Science has long proved how remarkably early memory forms in babies. Finnish researchers recently found that as a fetus is developing, particularly in the third trimester, it can hear sounds from the world and even retain them after birth. “If you put your hand over your mouth and speak, that’s very similar to the situation the fetus is in,” cognitive neuroscientist Eino Partanen of the University of Helsinki, told Science magazine. “You can hear the rhythm of speech, rhythm of music, and so on.” In fact, one behavioral study conducted in 1988 found that newborns could recognize the theme song from their mother’s favorite soap opera (seriously).
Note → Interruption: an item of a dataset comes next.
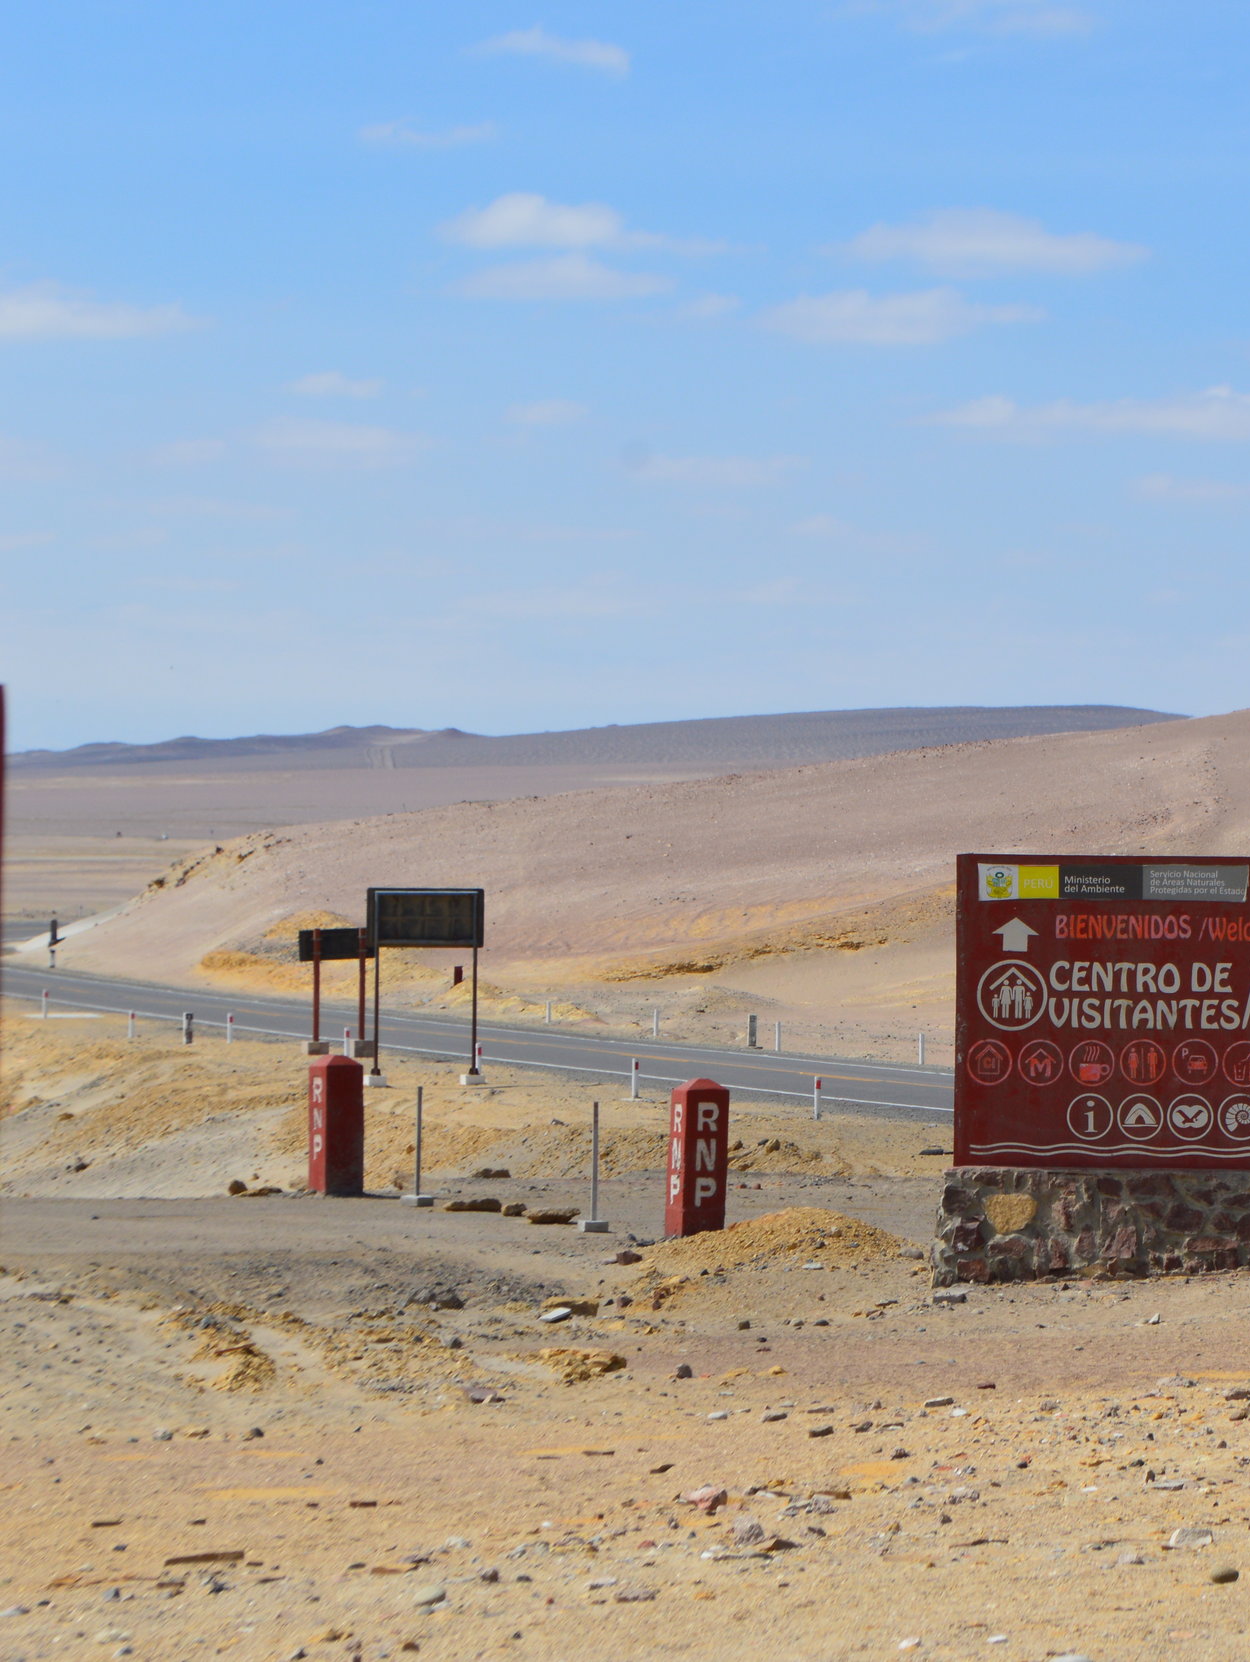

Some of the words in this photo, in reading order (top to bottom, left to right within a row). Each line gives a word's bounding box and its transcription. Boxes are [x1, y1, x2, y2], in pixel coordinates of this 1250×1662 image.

That said, don’t bother trying to “teach” your unborn baby how to say “Mama,” for example. According to Partanen, there’s no evidence that anything other than the sounds of daily life are beneficial. Ditto for placing earbuds playing classical music on a mother’s pregnant stomach — doing so can disrupt a baby’s sleep cycle.
Still, it’s inevitable that babies will encounter negativity from time to time. So if you find yourself having an argument with your husband or are playing an action movie too loudly where the baby is playing, he or she won’t suffer any longterm consequences. “You won’t scar the baby,” says Flom.